## Records for processing:

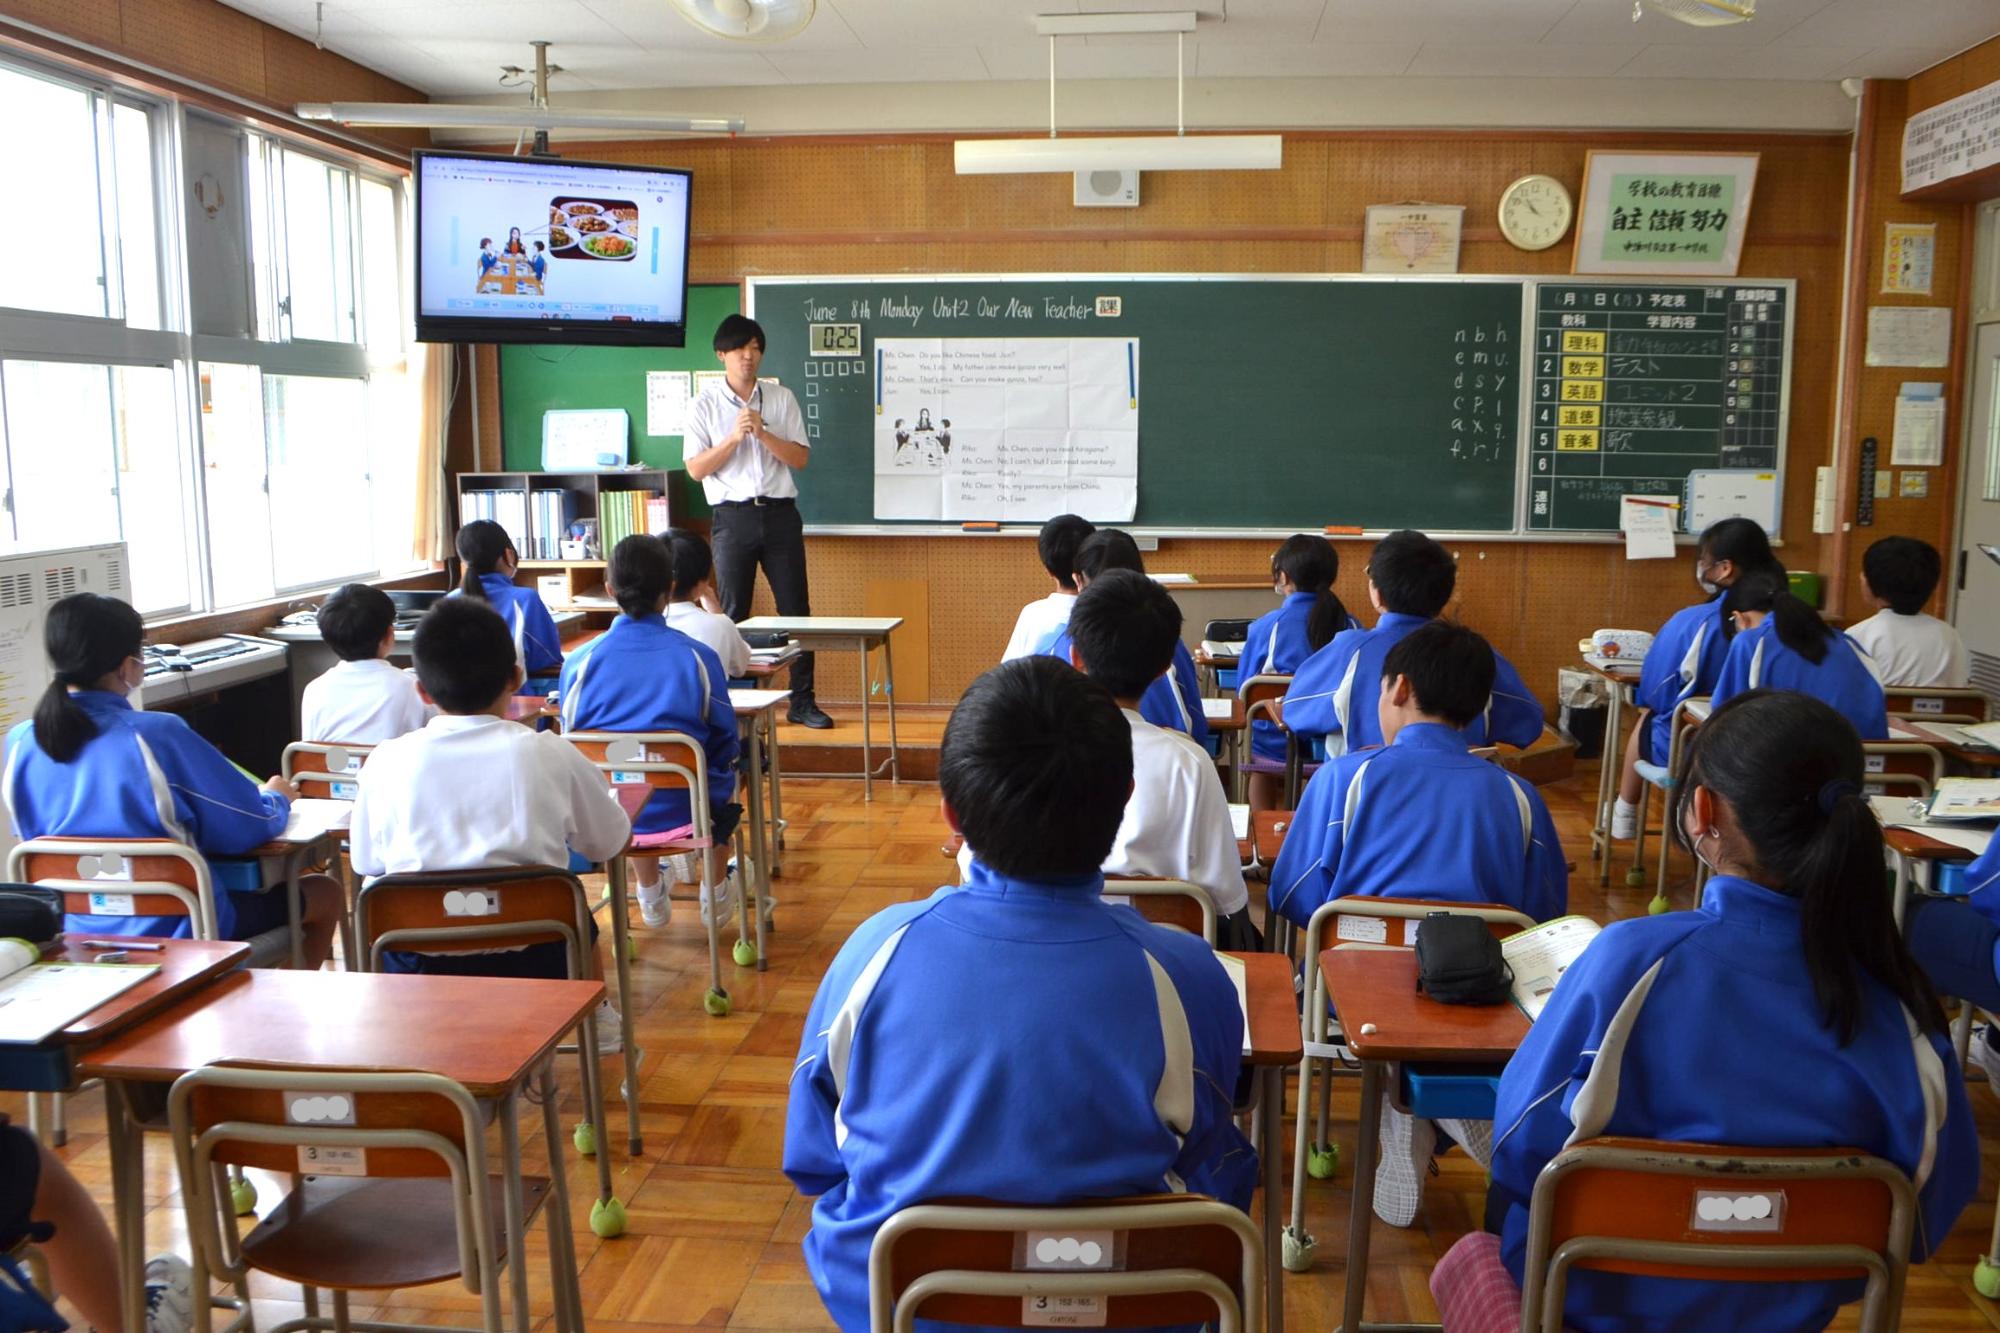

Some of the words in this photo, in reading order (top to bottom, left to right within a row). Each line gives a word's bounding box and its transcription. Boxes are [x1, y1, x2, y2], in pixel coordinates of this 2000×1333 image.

[1612, 206, 1643, 231] 自主
[1649, 208, 1687, 232] 信頼
[1690, 208, 1728, 232] 努力
[1649, 294, 1686, 307] 予定表
[804, 298, 837, 321] June
[851, 299, 870, 319] 8th
[880, 295, 924, 328] Monday
[977, 296, 1000, 318] Our
[1005, 297, 1034, 319] New
[1043, 296, 1093, 319] Teacher
[1561, 314, 1586, 327] 教科
[1647, 315, 1696, 328] 学習内容
[1545, 335, 1552, 347] 1
[1568, 336, 1599, 350] 理科
[1455, 351, 1464, 365] e
[1473, 351, 1488, 364] m
[1543, 359, 1551, 372] 2
[1568, 361, 1598, 375] 数学
[1612, 357, 1660, 375] テスト
[1454, 372, 1463, 389] d
[1475, 374, 1485, 388] s
[1494, 375, 1505, 391] y
[1542, 384, 1550, 397] 3
[1567, 385, 1598, 399] 英語
[1453, 396, 1464, 410] c
[1541, 409, 1549, 421] 4
[1563, 410, 1594, 424] 道徳
[1540, 433, 1548, 446] 5
[1563, 434, 1593, 448] 音楽
[1538, 458, 1547, 471] 6
[1534, 490, 1548, 514] 連絡
[308, 1147, 317, 1160] 3
[1036, 1296, 1048, 1309] 3

## What to do:
Copy the listing over exactly, skipping the pictures it holds.

## Task answer:
Some of the words in this photo, in reading order (top to bottom, left to right within a row). Each line gives a word's bounding box and its transcription. Boxes are [x1, y1, x2, y2], in pixel coordinates of this 2000×1333 image.

[1612, 206, 1643, 231] 自主
[1649, 208, 1687, 232] 信頼
[1690, 208, 1728, 232] 努力
[1649, 294, 1686, 307] 予定表
[804, 298, 837, 321] June
[851, 299, 870, 319] 8th
[880, 295, 924, 328] Monday
[977, 296, 1000, 318] Our
[1005, 297, 1034, 319] New
[1043, 296, 1093, 319] Teacher
[1561, 314, 1586, 327] 教科
[1647, 315, 1696, 328] 学習内容
[1545, 335, 1552, 347] 1
[1568, 336, 1599, 350] 理科
[1455, 351, 1464, 365] e
[1473, 351, 1488, 364] m
[1543, 359, 1551, 372] 2
[1568, 361, 1598, 375] 数学
[1612, 357, 1660, 375] テスト
[1454, 372, 1463, 389] d
[1475, 374, 1485, 388] s
[1494, 375, 1505, 391] y
[1542, 384, 1550, 397] 3
[1567, 385, 1598, 399] 英語
[1453, 396, 1464, 410] c
[1541, 409, 1549, 421] 4
[1563, 410, 1594, 424] 道徳
[1540, 433, 1548, 446] 5
[1563, 434, 1593, 448] 音楽
[1538, 458, 1547, 471] 6
[1534, 490, 1548, 514] 連絡
[308, 1147, 317, 1160] 3
[1036, 1296, 1048, 1309] 3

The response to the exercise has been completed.